In the poll, 13% of respondents who announced their vote for Bolsonaro and 24% of Labor Party supporters said they did not take the full vaccination schedule due to forgetfulness. And 22% of Bolsonaro supporters and 15% of Lula voters believe they have already taken “enough doses”.
“It is clear that with the death rate and the severity of the disease going down, which happened largely due to the impact of the vaccination, people have relaxed. You see a number of people who think they have already taken enough doses, and that is why a strong campaign targeting this audience is needed,” says Smaili. .
Other data found in the survey is that Catholics have taken more doses of the Covid vaccine than evangelicals: 24% of Catholics said they sought vaccination until the last dose, compared to 9.8% of evangelicals.
Among the participants who did not take any dose of the vaccine (2.2% of Catholics compared to 6.4% of evangelicals), he drew attention to those who said “they do not trust vaccines”, a statement defended by 53.2% of evangelicals and 9.1%. % of Catholics.

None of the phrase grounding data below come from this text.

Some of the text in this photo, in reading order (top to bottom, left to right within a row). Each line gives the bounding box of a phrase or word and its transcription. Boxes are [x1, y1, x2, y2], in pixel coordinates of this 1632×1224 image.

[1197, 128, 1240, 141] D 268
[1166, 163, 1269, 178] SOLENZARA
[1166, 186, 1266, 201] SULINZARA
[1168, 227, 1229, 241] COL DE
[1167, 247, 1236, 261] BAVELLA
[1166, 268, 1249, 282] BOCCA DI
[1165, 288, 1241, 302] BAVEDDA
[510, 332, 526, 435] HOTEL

“Evangelicals were at the center of the hurricane and were the preferred target of Bolsonaro’s populism. They adhered to the former president’s speech of denial. But it is important to highlight that, after the pandemic and the hurricane of disinformation, they became interested in supporting the SUS, Science, and Truth Commission to judge the crimes of the epidemic and seek reliable information.

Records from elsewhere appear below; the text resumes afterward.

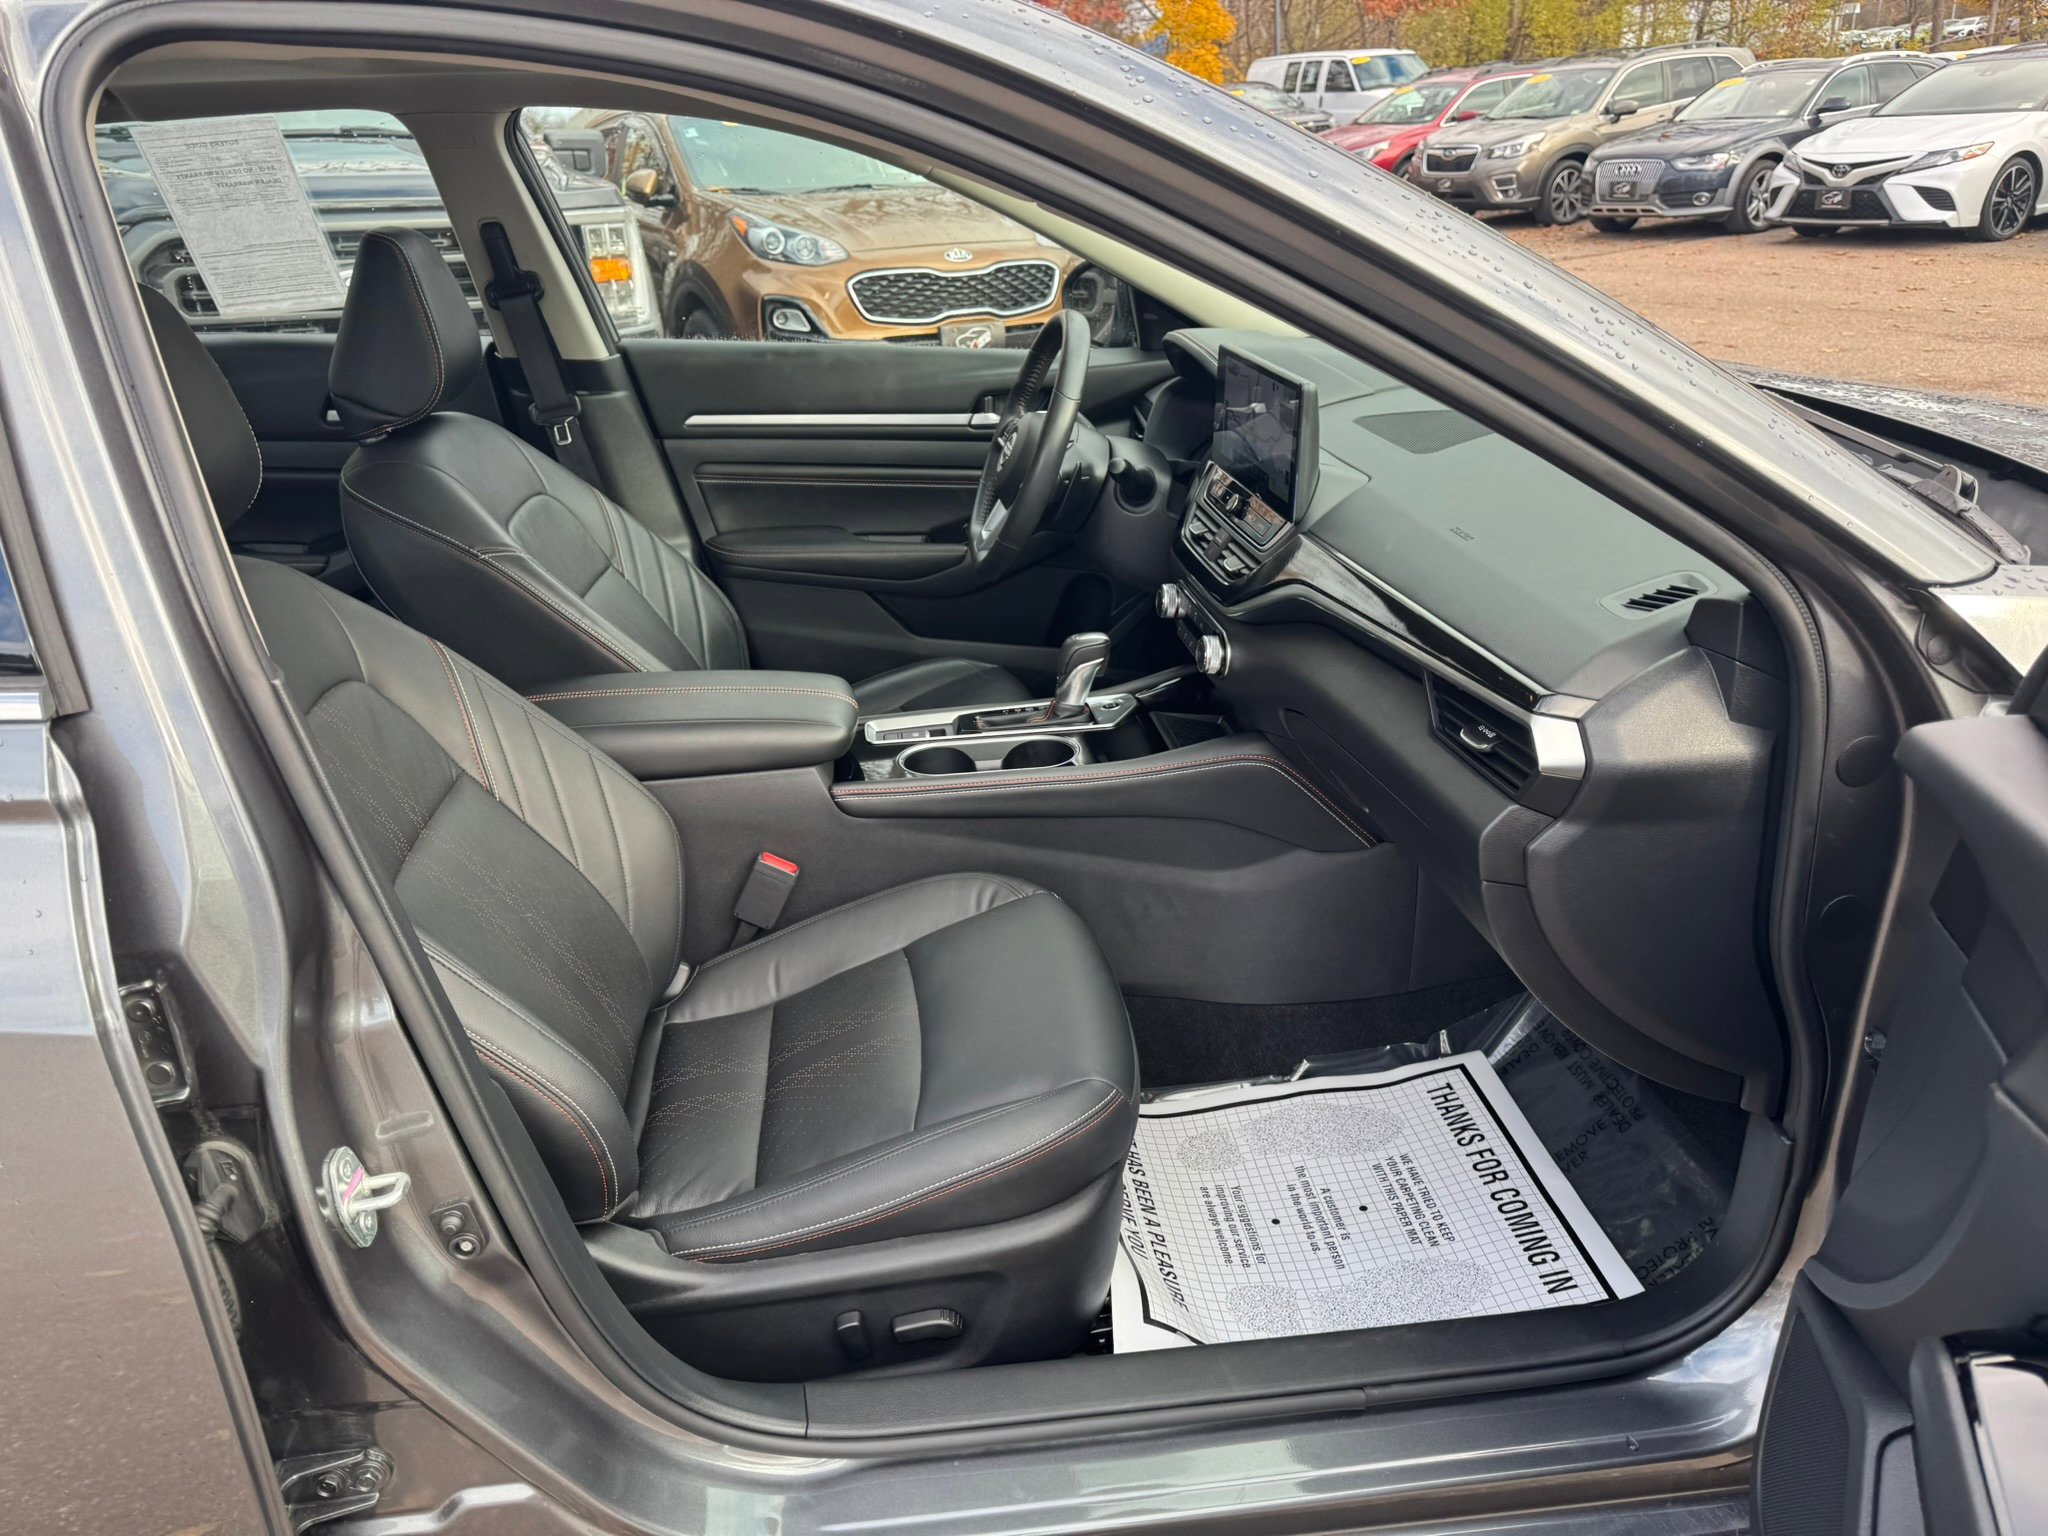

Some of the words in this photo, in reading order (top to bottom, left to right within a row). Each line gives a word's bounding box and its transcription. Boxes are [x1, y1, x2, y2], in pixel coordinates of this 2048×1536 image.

[1567, 1061, 1595, 1090] MUST
[1588, 1058, 1647, 1122] PROTECTIVE
[1593, 1091, 1632, 1133] DEALER
[1127, 1150, 1146, 1177] HAS
[1295, 1165, 1307, 1178] the
[1400, 1153, 1413, 1166] WE
[1286, 1183, 1297, 1192] in
[1406, 1166, 1424, 1186] HAVE
[1427, 1082, 1485, 1147] THANKS
[1465, 1147, 1509, 1186] FOR
[1490, 1187, 1560, 1267] COMING
[1539, 1269, 1578, 1295] IN
[1132, 1178, 1158, 1217] BEEN
[1200, 1186, 1211, 1199] are
[1214, 1184, 1235, 1222] improving
[1231, 1185, 1244, 1203] Your
[1290, 1193, 1302, 1206] the
[1300, 1180, 1317, 1200] most
[1384, 1156, 1403, 1177] YOUR
[1395, 1178, 1426, 1220] CARPETING
[1418, 1221, 1441, 1247] CLEAN
[1417, 1186, 1436, 1209] TRIED
[1204, 1200, 1220, 1227] always
[1372, 1163, 1391, 1183] WITH
[1382, 1183, 1399, 1201] THIS
[1391, 1201, 1413, 1228] PAPER
[1405, 1228, 1423, 1245] MAT
[1430, 1209, 1444, 1221] TO
[1143, 1216, 1161, 1228] A
[1228, 1223, 1240, 1237] our
[1237, 1204, 1261, 1252] suggestions
[1296, 1208, 1314, 1230] world
[1309, 1201, 1335, 1241] important
[1323, 1196, 1346, 1231] customer
[1340, 1232, 1351, 1241] is
[1436, 1222, 1456, 1242] KEEP
[1125, 1228, 1149, 1260] YOU
[1214, 1228, 1233, 1267] welcome.
[1305, 1231, 1316, 1240] to
[1309, 1242, 1321, 1255] us.
[1233, 1238, 1251, 1269] service
[1254, 1253, 1267, 1265] for
[1324, 1240, 1345, 1270] person
[1148, 1230, 1189, 1312] PLEASURE

In the poll, 39.1% of respondents said they were Catholics and 29% were Evangelicals. Other religions or no religion represented 32% of the participants.
education and income
In terms of education, the survey also found a greater disparity among those who claimed to have completed primary school with regard to vaccination adherence, compared to those who completed tertiary education: 13.4% sought the two-dose versus 24.1%, respectively.

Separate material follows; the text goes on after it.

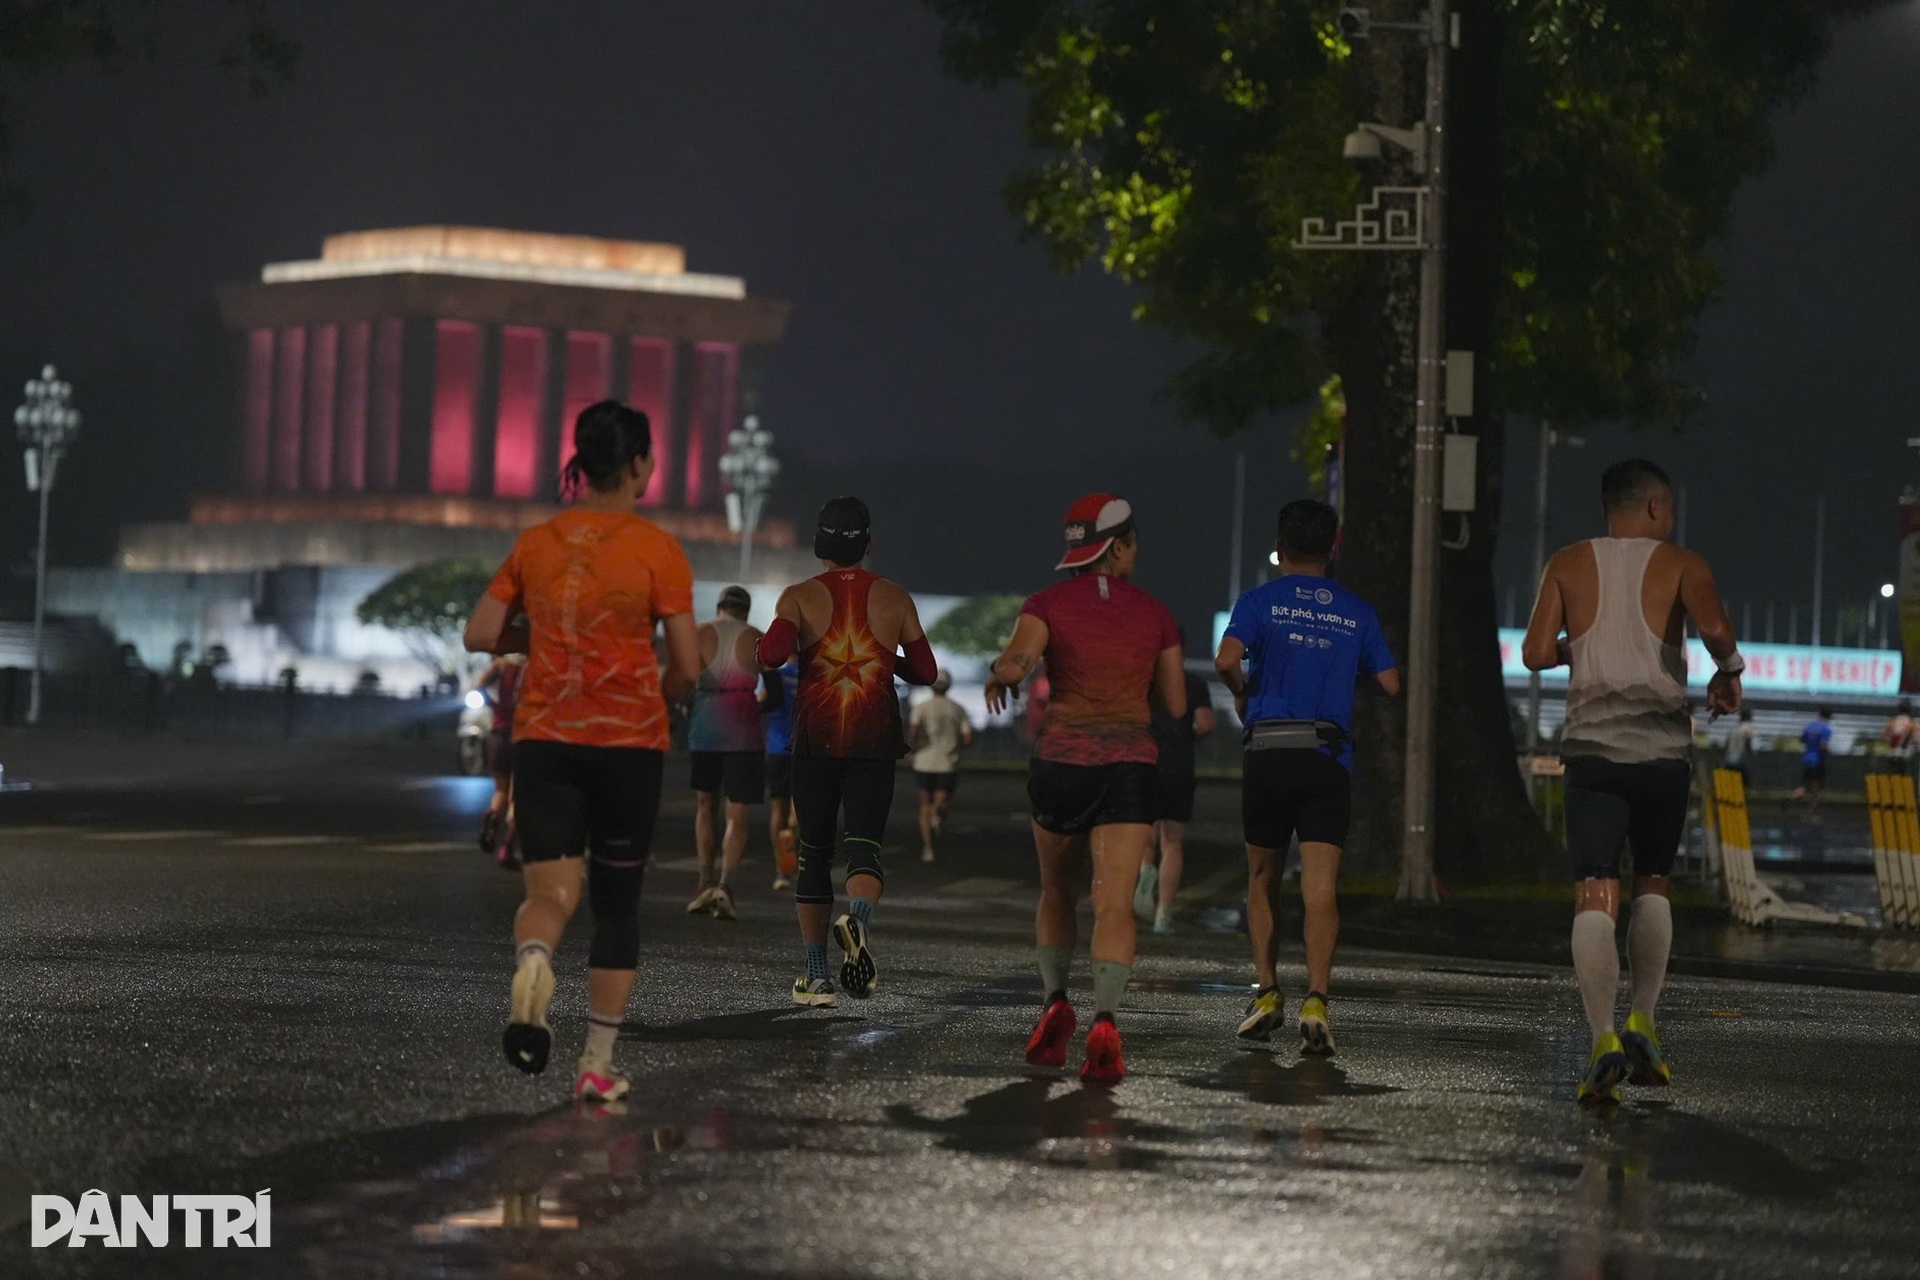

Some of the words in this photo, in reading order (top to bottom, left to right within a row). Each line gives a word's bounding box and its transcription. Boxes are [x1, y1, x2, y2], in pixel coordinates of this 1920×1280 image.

[1291, 607, 1315, 621] phá,
[1317, 612, 1342, 624] vươn
[1343, 618, 1357, 628] xa

Income also plays an important role in adherence to vaccination: 63% of those earning up to 1 minimum wage report that they have always committed to campaigns, a rate that jumps to 84% among those earning 3 to 5 minimum wages and to 77% among those earning 3 to 5 minimum wages. Among those earning more than five minimum wages.
And when asked about adherence to vaccination as a whole, not just Covid, 56.5% of participants with only primary education said they are always committed to vaccination, compared to 80.6% of those with higher education. About 15% of participants with primary education said they had given up on vaccination during the pandemic, a rate that drops to 3% among participants with tertiary education.
“When you look at income and education, people with higher incomes and, above all, higher education, have committed to vaccination much more. So it is necessary to map that out so that the current government can invest in advertising and vaccination campaigns.
One notable fact is that a less educated part of the population tends to reject the statement that “vaccines are experimental and not proven effective”: 27.4% of respondents with primary education disagree with it, while the rate rises to 47.5% among those with higher education. .
“During the pandemic, we regained trust in science and universities, but in 2022 we lost part of that space to groups that tried to undermine confidence in vaccines, mainly exploiting concerns about potential side effects, which we know are mild,” says Al-Sumaili. “We are in the middle of a fight and we have to act so we don’t let this side of misinformation win.”